#### Task item
Each line of the records that follow must come back exactly, with pictures skipped.

Extracted data entries:
☆ ☆ ☆

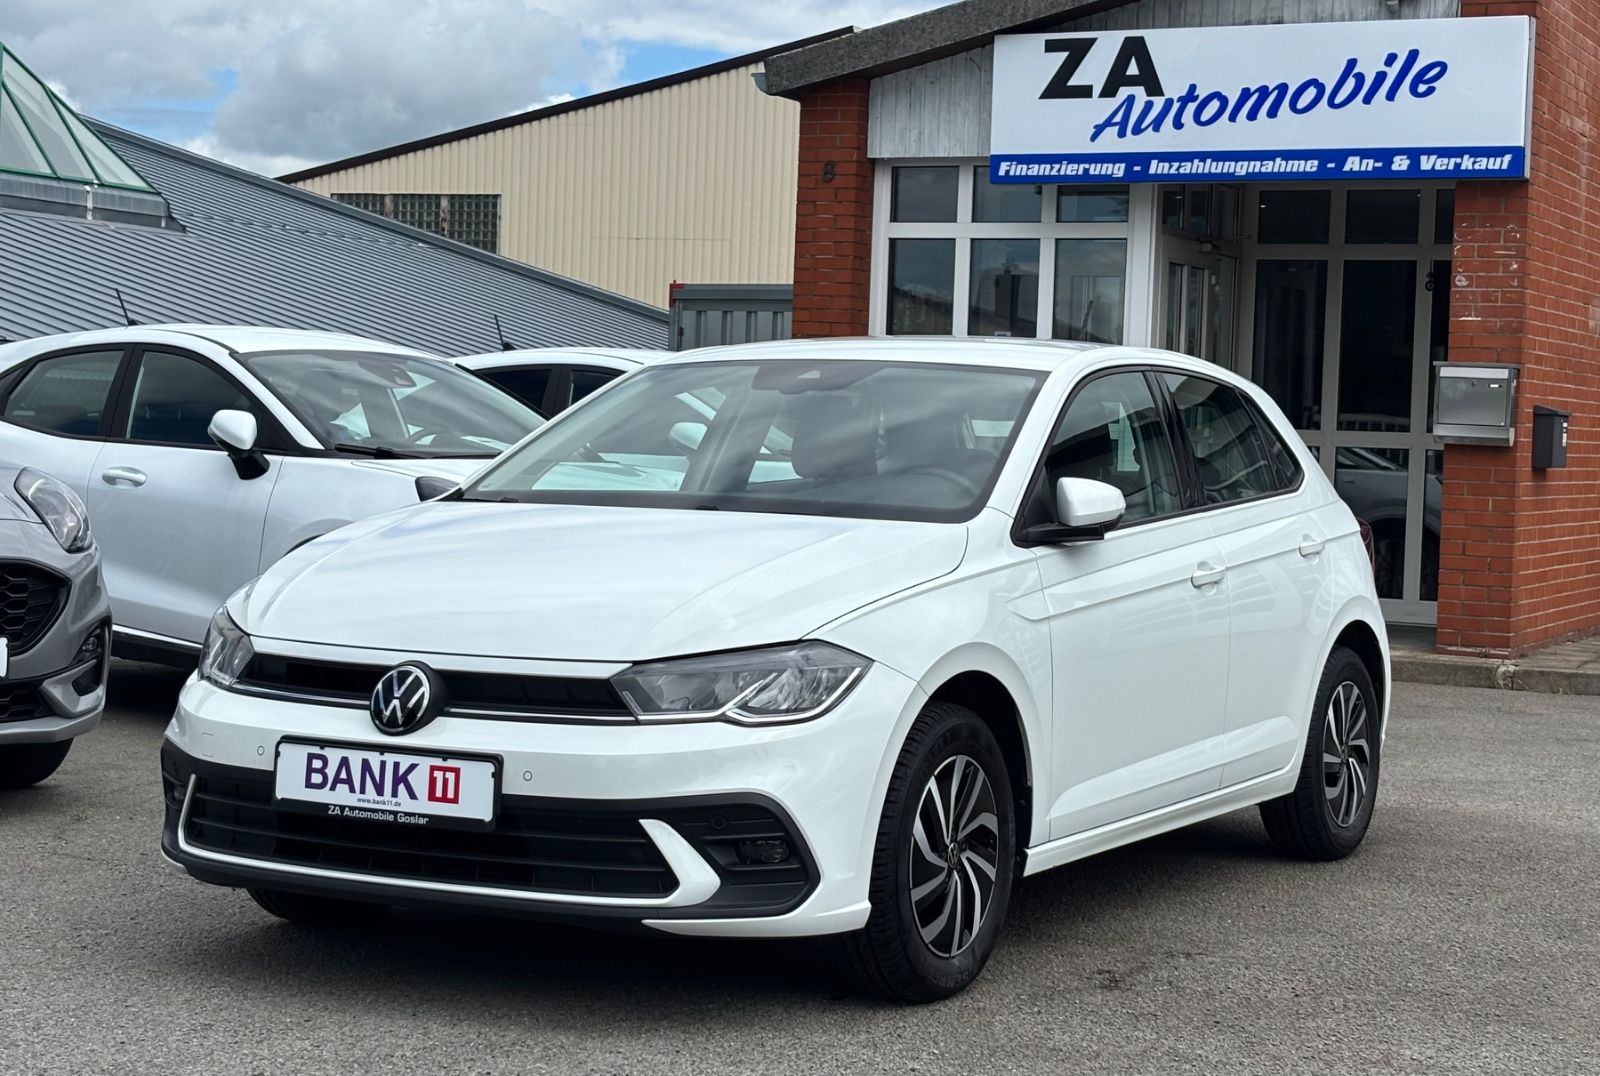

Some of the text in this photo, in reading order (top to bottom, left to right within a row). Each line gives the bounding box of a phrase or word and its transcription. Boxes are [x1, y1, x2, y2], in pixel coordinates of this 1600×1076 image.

[1038, 36, 1165, 100] ZA
[1090, 48, 1448, 143] Automobile
[998, 161, 1126, 177] Finanzierung
[1148, 157, 1318, 176] Inzahlungnahme
[1343, 156, 1382, 171] An-
[1391, 155, 1410, 171] &
[1419, 154, 1512, 171] Verkauf
[304, 752, 456, 801] BANK 11
[328, 805, 429, 825] ZA Automobile Goslar
[357, 798, 402, 807] www.bank11.de
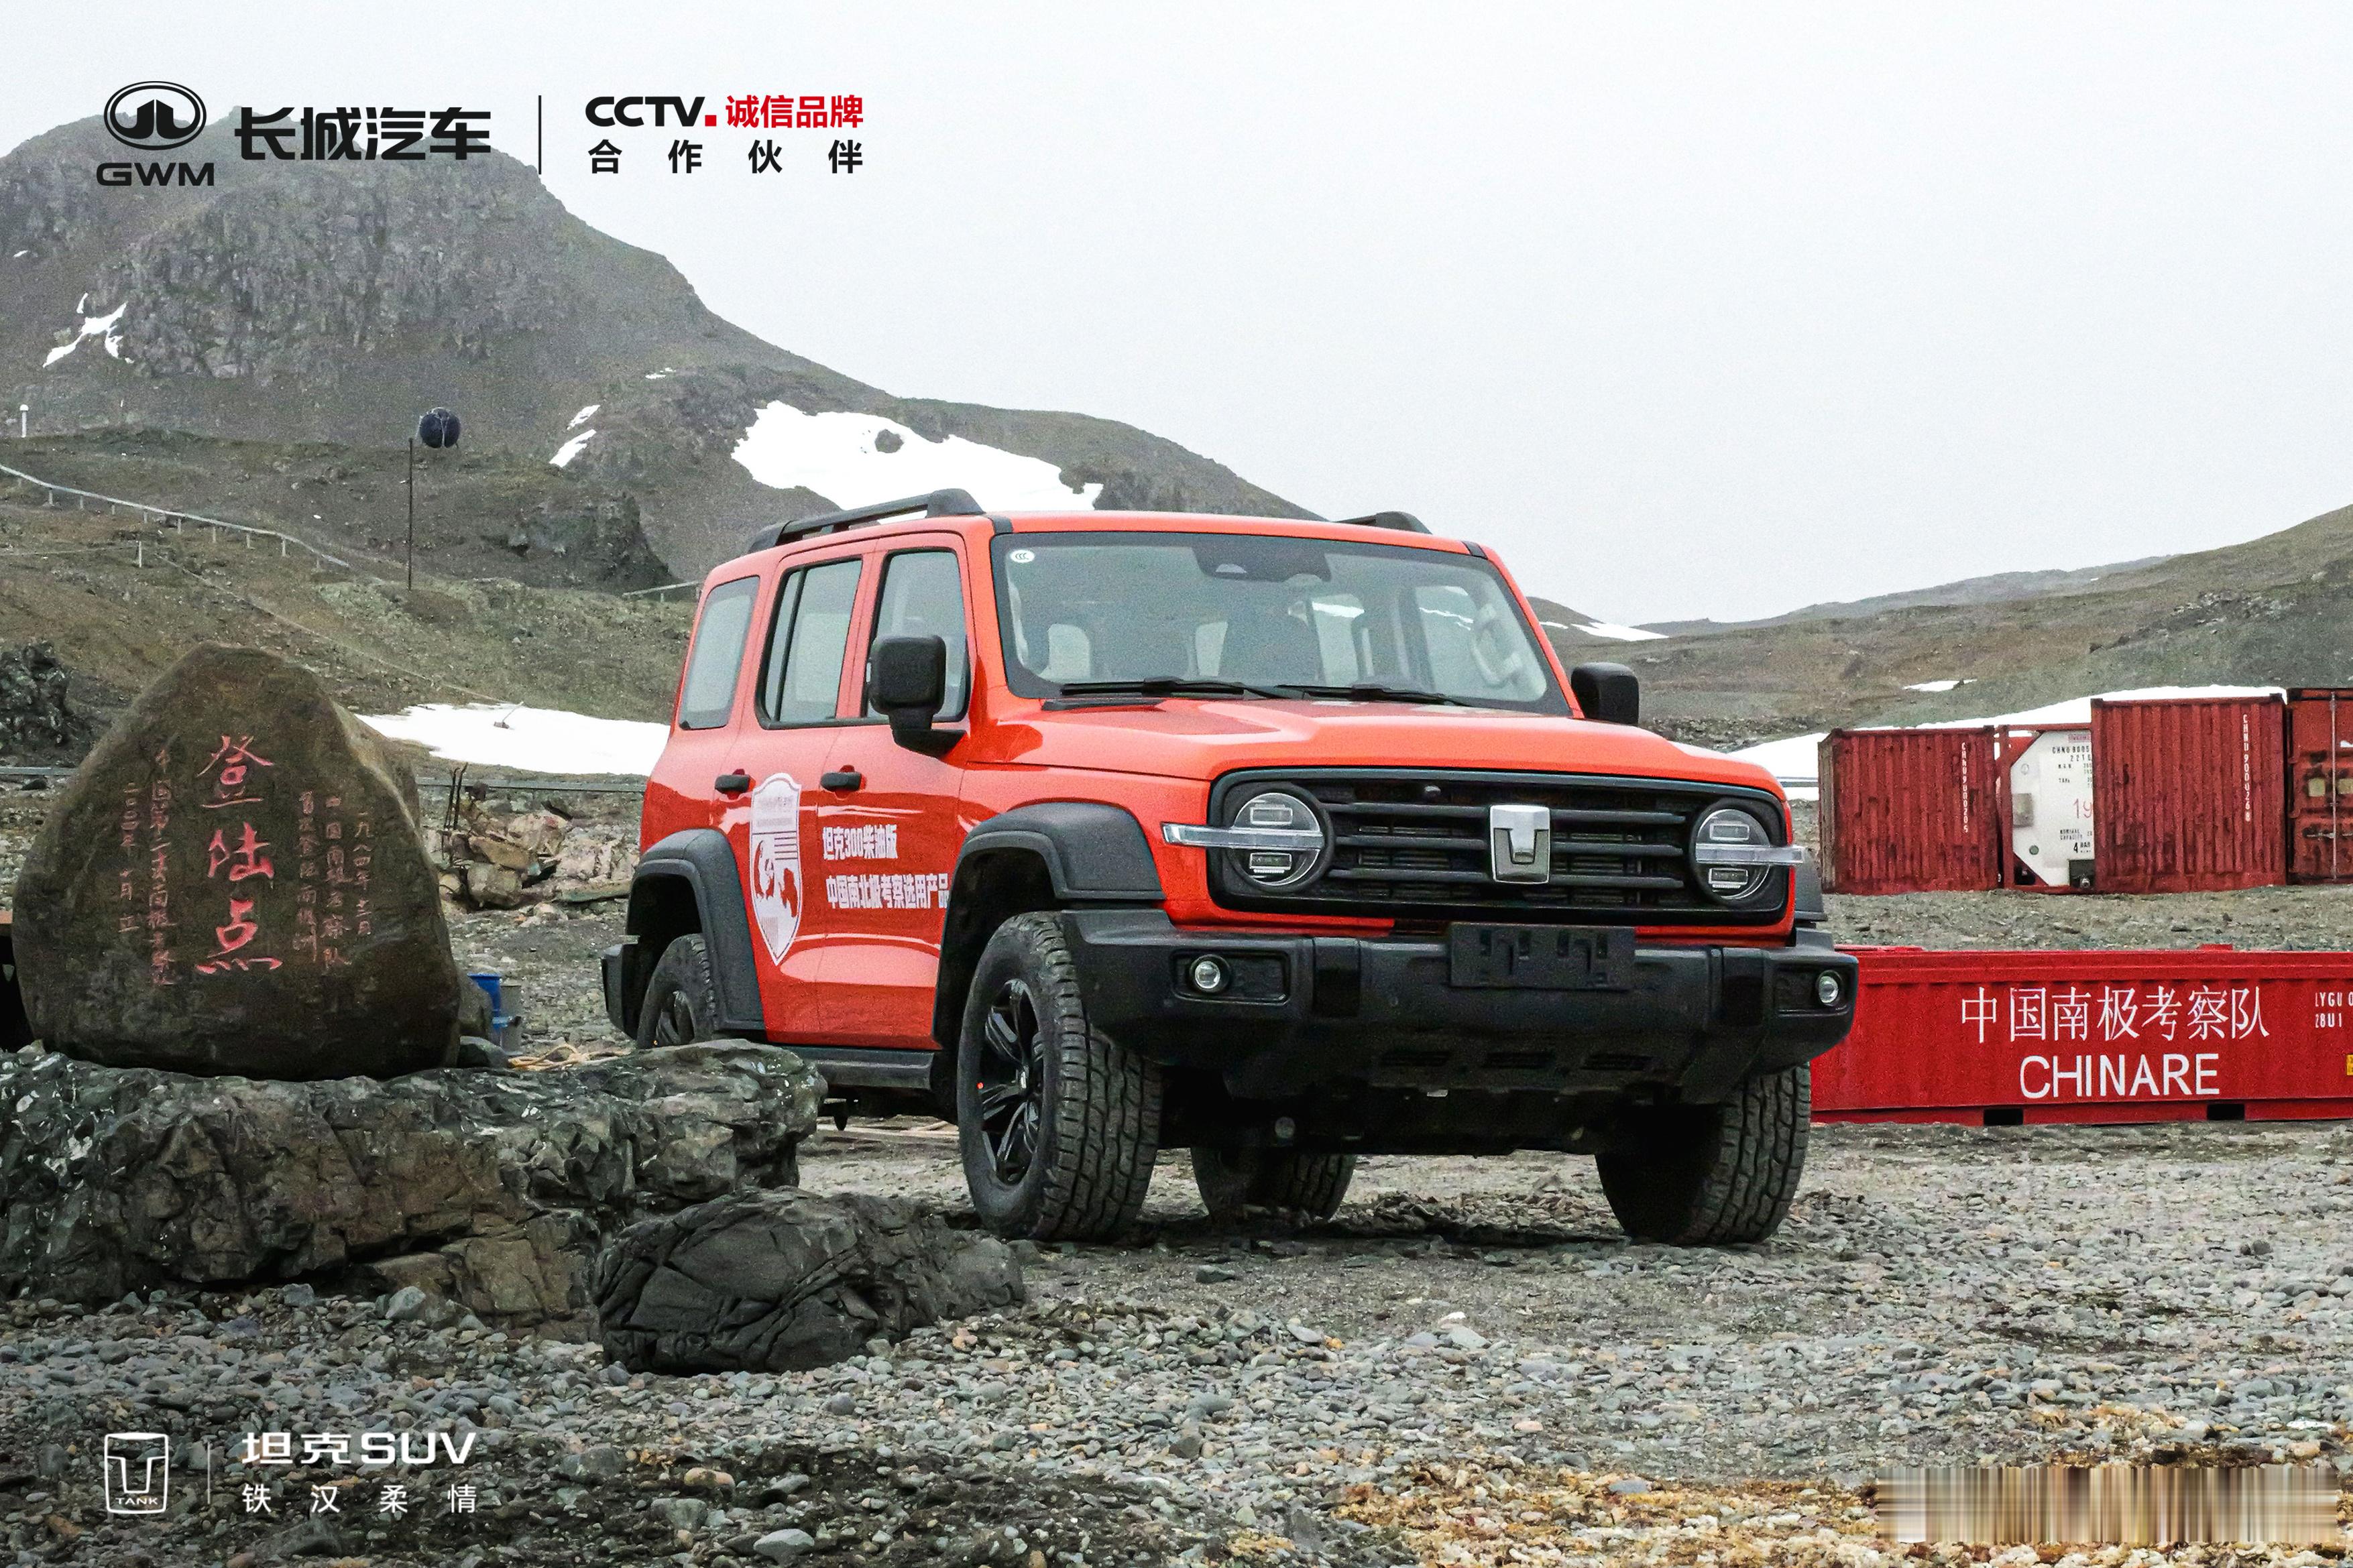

☆ ☆ ☆

#### Reply
Some of the text in this photo, in reading order (top to bottom, left to right within a row). Each line gives the bounding box of a phrase or word and its transcription. Boxes are [x1, y1, x2, y2], in pixel coordinates of this 1600×1076 image.

[1038, 36, 1165, 100] ZA
[1090, 48, 1448, 143] Automobile
[998, 161, 1126, 177] Finanzierung
[1148, 157, 1318, 176] Inzahlungnahme
[1343, 156, 1382, 171] An-
[1391, 155, 1410, 171] &
[1419, 154, 1512, 171] Verkauf
[304, 752, 456, 801] BANK 11
[328, 805, 429, 825] ZA Automobile Goslar
[357, 798, 402, 807] www.bank11.de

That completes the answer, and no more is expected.